Hey, all. So, I appreciate the responses. I'll break down the options here.
"Alice's followers" is the way most social networks work with private X, Facebook, Instagram. It lets Alice ask questions or share private info with people she trusts and cares about, and lets them discuss amongst themselves. It is really the best way to use social networks.
"Bob's followers" is the literalist version, with the worst possible dynamics. "You should reply to a followers-only post with a followers-only post" retains the same UI choice while completely changing the audience. Most of the other people who read Alice's post won't see Bob's comments. Bob's followers who don't follow Alice won't understand the context of his post, and won't be able to read Alice's post. It also violates Alice's privacy to share a response to her question with strangers.
"Both" at least makes the full conversation visible to all A's followers, but it has most of the same problems as sharing with B's followers. It sends them a part of a conversation without context, but also violates A's privacy.
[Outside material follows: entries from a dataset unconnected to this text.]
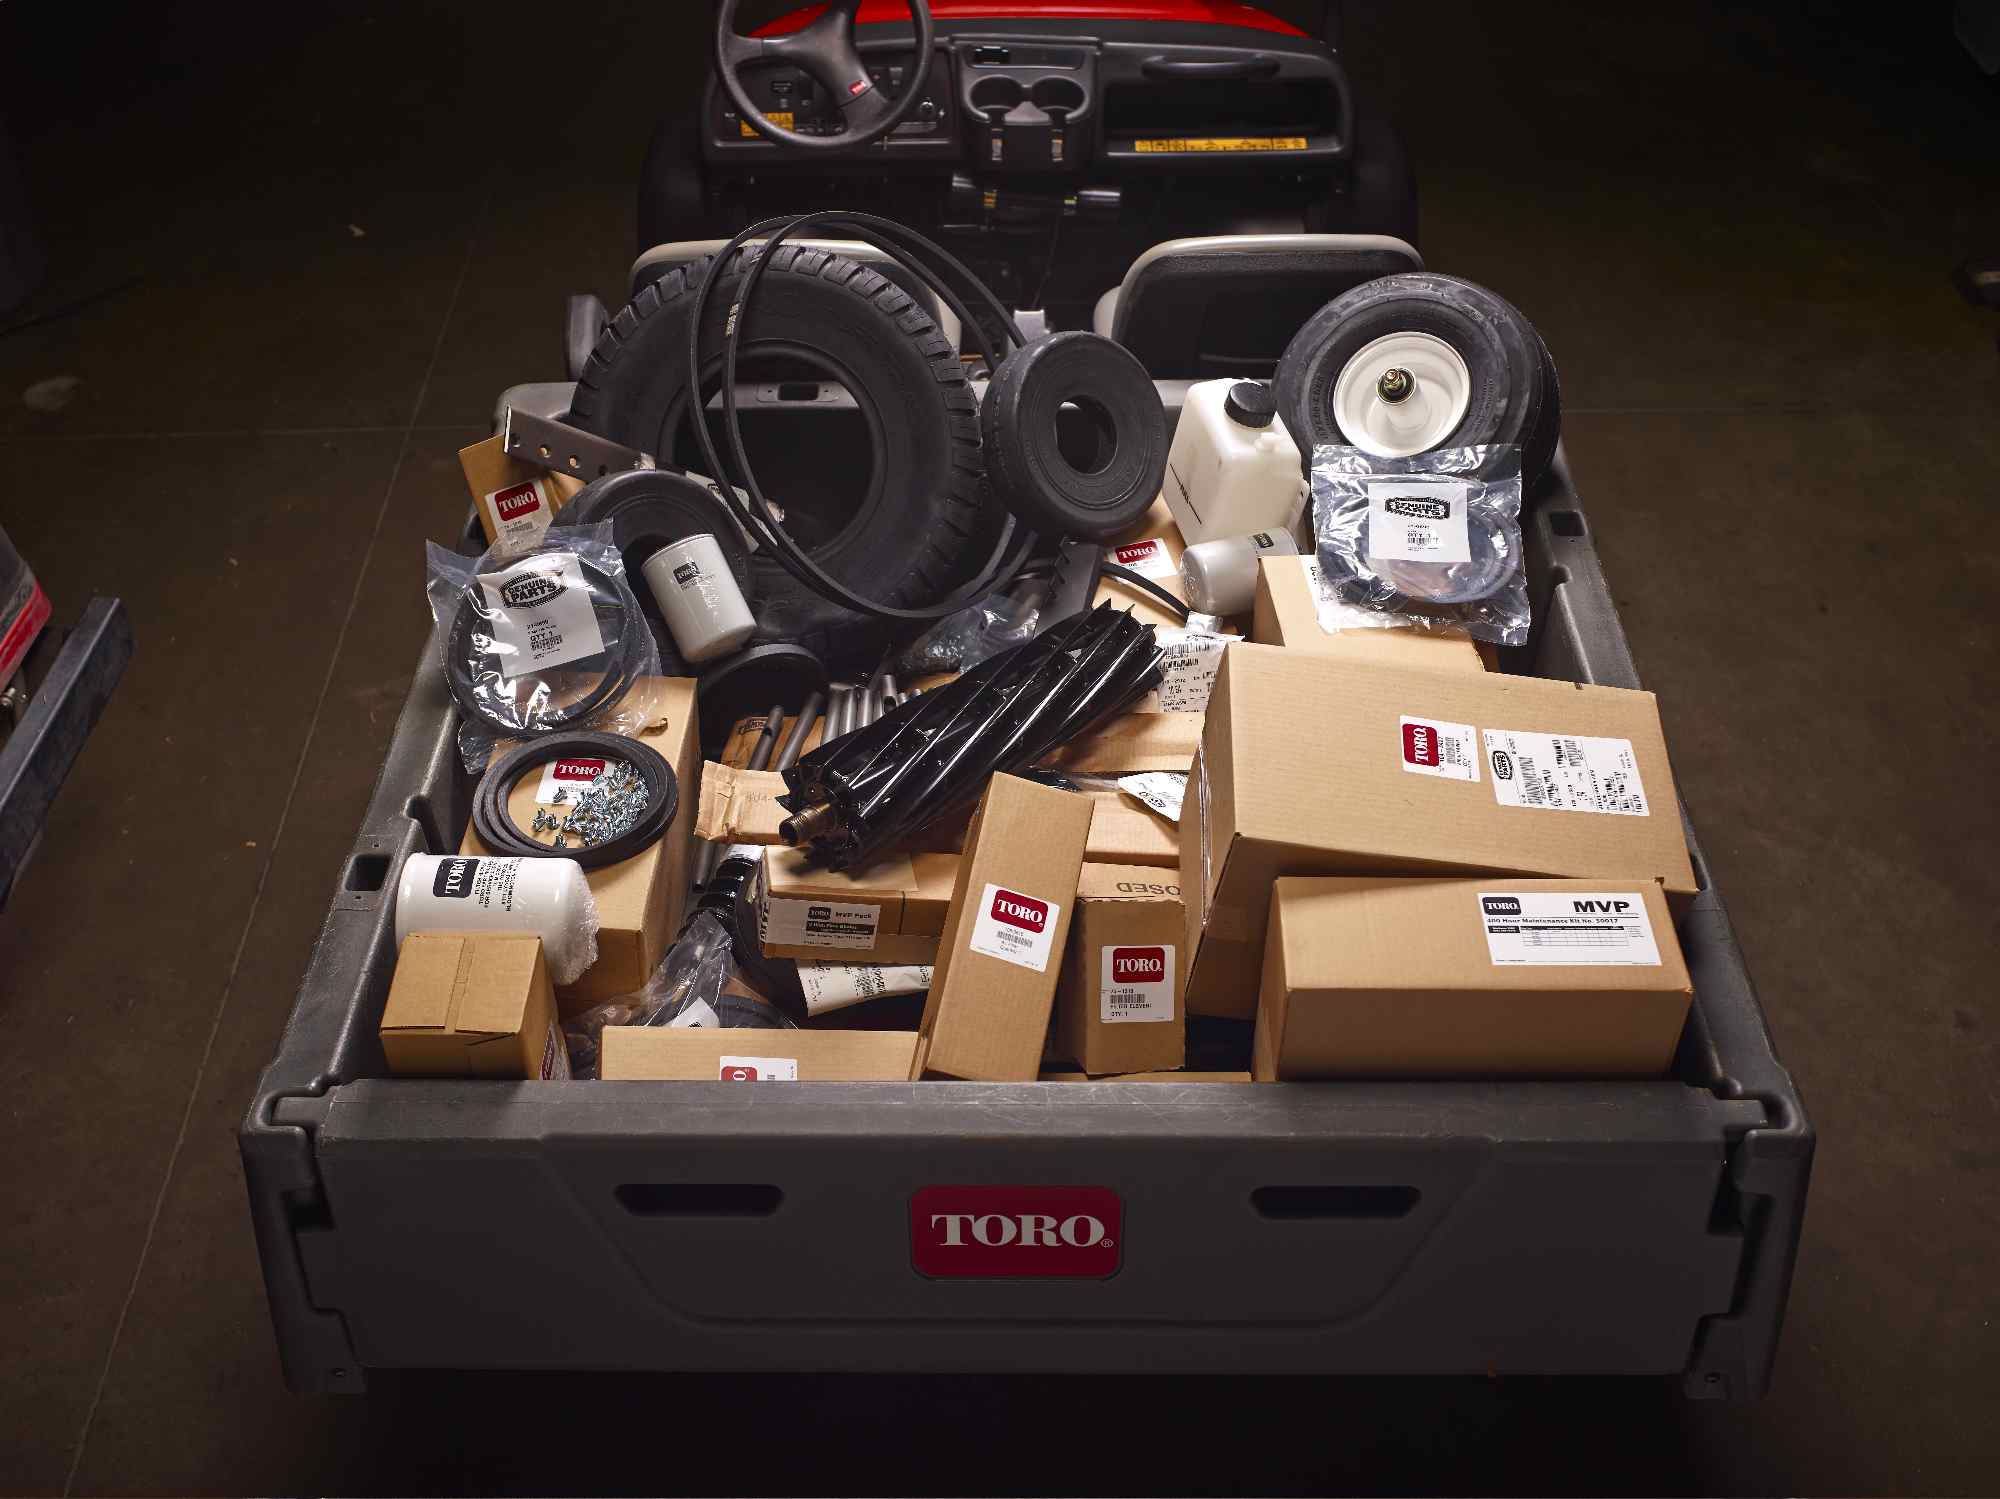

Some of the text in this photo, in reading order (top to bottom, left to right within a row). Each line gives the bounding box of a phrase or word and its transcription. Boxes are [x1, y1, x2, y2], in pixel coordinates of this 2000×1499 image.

[499, 491, 536, 513] TORO
[1119, 546, 1154, 559] TORO
[511, 582, 557, 603] PARTS
[1413, 727, 1429, 762] TORO
[559, 764, 600, 775] TORO
[1501, 753, 1511, 776] PARTS
[445, 859, 468, 895] TORO
[998, 900, 1043, 923] TORO
[1486, 901, 1630, 912] TORO MVP
[1117, 958, 1162, 973] TORO
[931, 1214, 1105, 1247] TORO
For "Other", a lot of people replied with "the intersection of A's followers and B's followers". This makes replies to replies to replies less and less visible to participants, until practically no one can see what's being said. It's terrible for conversations.
@evan it nonetheless sounds right to me when the conversation is initiated as followers-only; a choice for a semi-private audience. Each conversation thread should narrow in to smaller audience, even if that means eventually parts of it are essentially mention-only.
@novelgazer the original post and the replies don't have to be isomorphic. If I post a photo of a bus, do all the comments have to be photos of buses? No, obviously not. A "followers-only" conversation where every post is visible to each author's followers is meaningless; it's much more important and natural to have a conversation amongst a group of people.
Some repliers insisted that it should be whatever Bob wants, which is trivial. It sidesteps the issue and doesn't address the question at its own level.
I asked, what should be the outcome? Not, who should decide?
What options should Bob have to choose from? What should be the default? What should he choose?
Anyway, I agree with the vast majority that the reply should be to Alice's followers. I think the rule of thumb for replies is that they should address about the same audience as the original post, or optionally a subset of that audience. Expanding the audience confuses readers and violates privacy expectations.
Thanks to everyone who responded or replied, even if I didn't like your answers.
Oh, one thing that is worth noting: a lot of people insisted on Bob's absolute prerogative to reply with any kind of visibility he wants: public, his followers, whatever.
This is technically true, but Alice also has some agency here. Her server maintains a collection of `replies` that can be used to read all the replies. There's also another collection for the full thread.
Her server can omit replies that violate her expectations. This limits Bob's reach somewhat.
Other servers can and should use Alice's `replies` collection to see which replies she has consented to. They can and should obscure or hide altogether replies that aren't in that collection.
Mastodon doesn't do either of these things, by the way. It doesn't let you reply to Alice's followers, and it doesn't use the `replies` collection for showing and hiding replies. It's too bad; these are really valuable features of ActivityPub.
@evan i think you know where i already stand on this, but instead of recursively crawling replies collections it would be better if alice had a collection that alice owned and contained a flat set of whatever alice wanted to be in it.
i think "bob gets to choose" is not inherently problematic insofar as alice never actually established any context. bob's post stands on its own, with any arbitrary audience. if there *was* such a thing as "alice's convo" then it can/should have its own audience.
@evan this does lead to a sort of split horizon where "the conversation" depends on who you ask.
in the absolute sense, the global context, bob's reply can continue to exist outside of alice's context. this is actually quite normal -- what is weird is the assumption that all replies must necessarily be bound together.
if i could set my own metadata, this reply would exist in a separate context than your poll, and you might be cc'd.
@evan re: "but you're replying to something that could be private"-- yes, i could be. i could be replying to anything or nothing at all. replying to a cnn article, replying to an overheard statement, replying to the weather, replying to a concept.
one example i think about in this regard is how the Linked Data Notifications spec is technically a response to the Social Web WG charter, because that's what prompted its existence: https://www.w3.org/TR/ldn/
if alice lets you see it, cool! if not...
@evan anyone recognizing "alice's conversation" asks alice what is in that conversation, canonically according to alice.
bob's signal for participating in alice's conversation is referencing alice's conversation as context for bob's post... and addressing the audience of alice's context, and perhaps even choosing not to address his own followers if it's not relevant to them. this works much like a mailing list.
in https://w3id.org/fep/7888 i use `context` and `context.audience` as examples.
@trwnh I don't think the thread is addressable, and I don't think `context` is a good property to use here, but otherwise I agree. Alice should maintain a collection of content objects in the thread.
@evan "the thread should have its own audience" is the main bit i am advocating for here i guess, as opposed to "every individual post has its own audience". with the latter you always get issues like this. with the former you bind context and audience together.
@trwnh every object in ActivityPub has an audience defined by its addressing properties.